Salon.com staff writer Farhad Manjoo talks about his new book, True Enough: Learning To Live in a Post-Fact Society, which contends the Internet promotes belief over fact.
Perhaps countering this view is Mike Godwin, formerly counsel for the Electronic Frontier Foundation and now general counsel for the Wikimedia Foundation, and Zo (Connie) Spencer, brilliant, witty, and fearless blogger (www.humorlessbitch.com) on all things political, personal, and involving high-tech.

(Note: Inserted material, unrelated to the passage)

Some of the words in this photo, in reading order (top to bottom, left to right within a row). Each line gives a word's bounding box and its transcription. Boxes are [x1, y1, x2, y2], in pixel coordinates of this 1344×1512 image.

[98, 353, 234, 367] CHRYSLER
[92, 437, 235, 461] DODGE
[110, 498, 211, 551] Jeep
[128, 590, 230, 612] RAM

As usual, everyone is invited to participate in the discussion- The Berkeley Cybersalon
Michael Godwin is an American attorney and author. He was the first staff counsel of the Electronic Frontier Foundation, and the creator of the Internet adage Godwin's Law. In July 2007 he became general counsel for the Wikimedia Foundation.

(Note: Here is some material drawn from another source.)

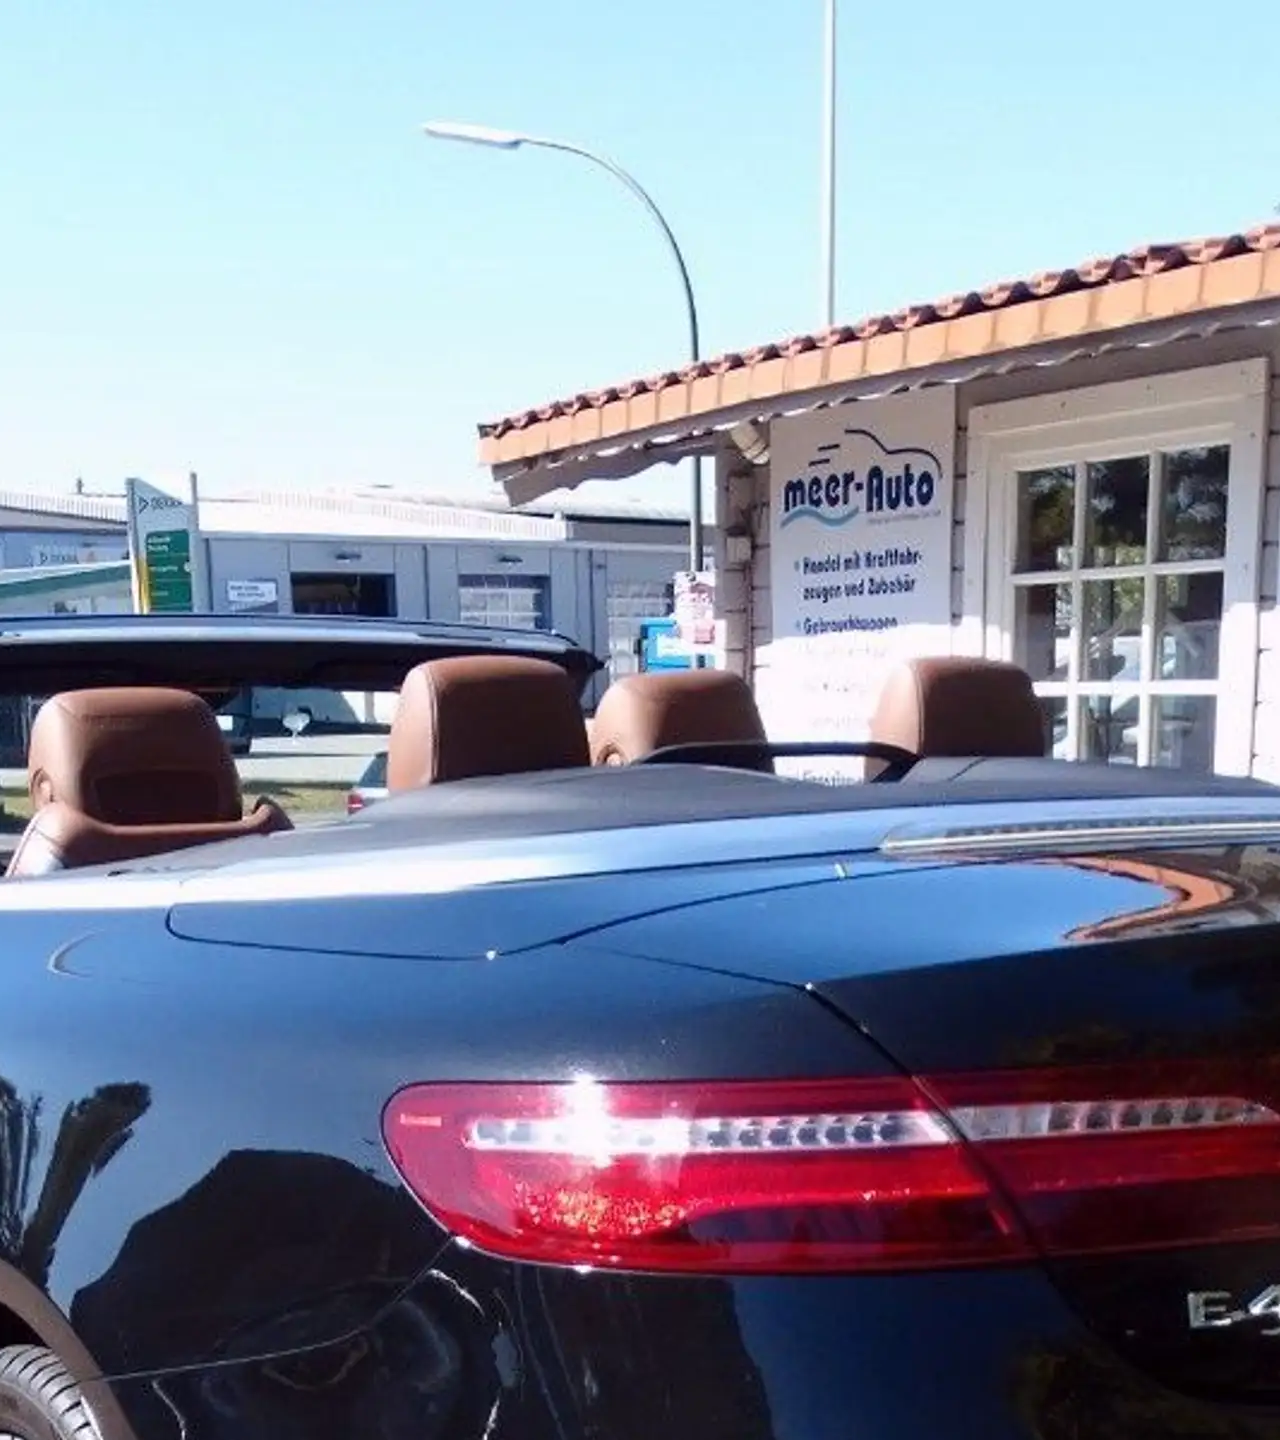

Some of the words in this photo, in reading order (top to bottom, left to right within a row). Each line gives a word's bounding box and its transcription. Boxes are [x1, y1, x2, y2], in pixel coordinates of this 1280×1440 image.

[783, 463, 935, 513] meer-Auto
[802, 554, 840, 575] Handel
[843, 549, 860, 571] mit
[844, 578, 865, 597] und

Farhad Manjoo is an author and a staff writer for Salon.com.
Manjoo graduated from Cornell University in 2000. While there, he wrote for and then served as editor-in-chief of the Cornell Daily Sun student newspaper. Before taking a staff position at Salon.com, he wrote for Wired News. Manjoo frequently writes on new media, politics and controversies in journalism.
Manjoo is the author of the book True Enough: Learning to Live in a Post-Fact Society, published in March, 2008.
Why is Zo Spencer on this panel? She may be a fine writer, but good god - listening to her ramble away at the mic is agonizing. I have no idea what any of her speech was about. Get to the point, please.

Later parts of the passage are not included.